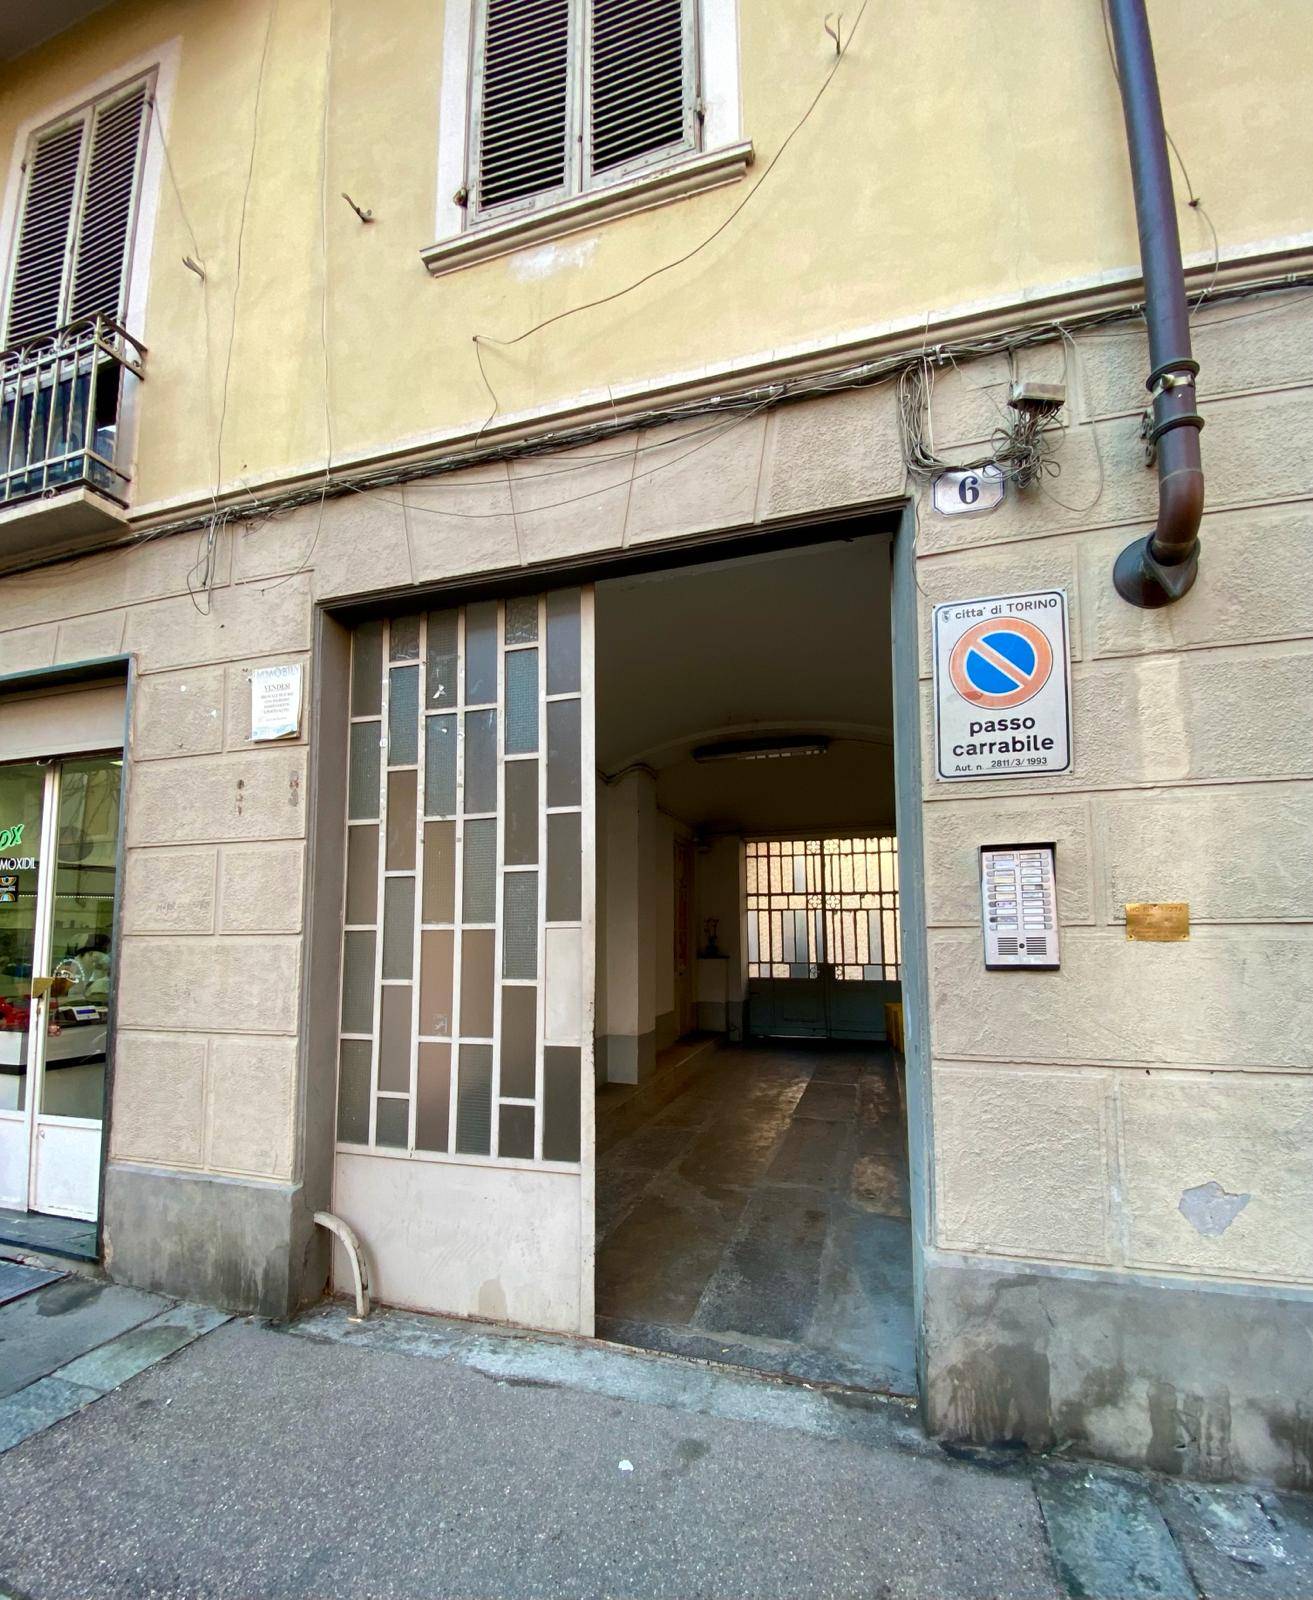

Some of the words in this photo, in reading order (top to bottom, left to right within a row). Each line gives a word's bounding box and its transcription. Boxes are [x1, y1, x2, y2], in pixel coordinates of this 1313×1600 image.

[959, 475, 979, 505] 6
[990, 604, 1002, 615] di
[1006, 599, 1057, 612] TORINO
[969, 716, 1036, 737] passo
[952, 734, 1055, 757] carrabile
____
• **Goal of the exercise**: Each record should be printed exactly as it appears, leaving the pictures out.

• **Solution to this problem**:
Some of the words in this photo, in reading order (top to bottom, left to right within a row). Each line gives a word's bounding box and its transcription. Boxes are [x1, y1, x2, y2], in pixel coordinates of this 1313×1600 image.

[959, 475, 979, 505] 6
[990, 604, 1002, 615] di
[1006, 599, 1057, 612] TORINO
[969, 716, 1036, 737] passo
[952, 734, 1055, 757] carrabile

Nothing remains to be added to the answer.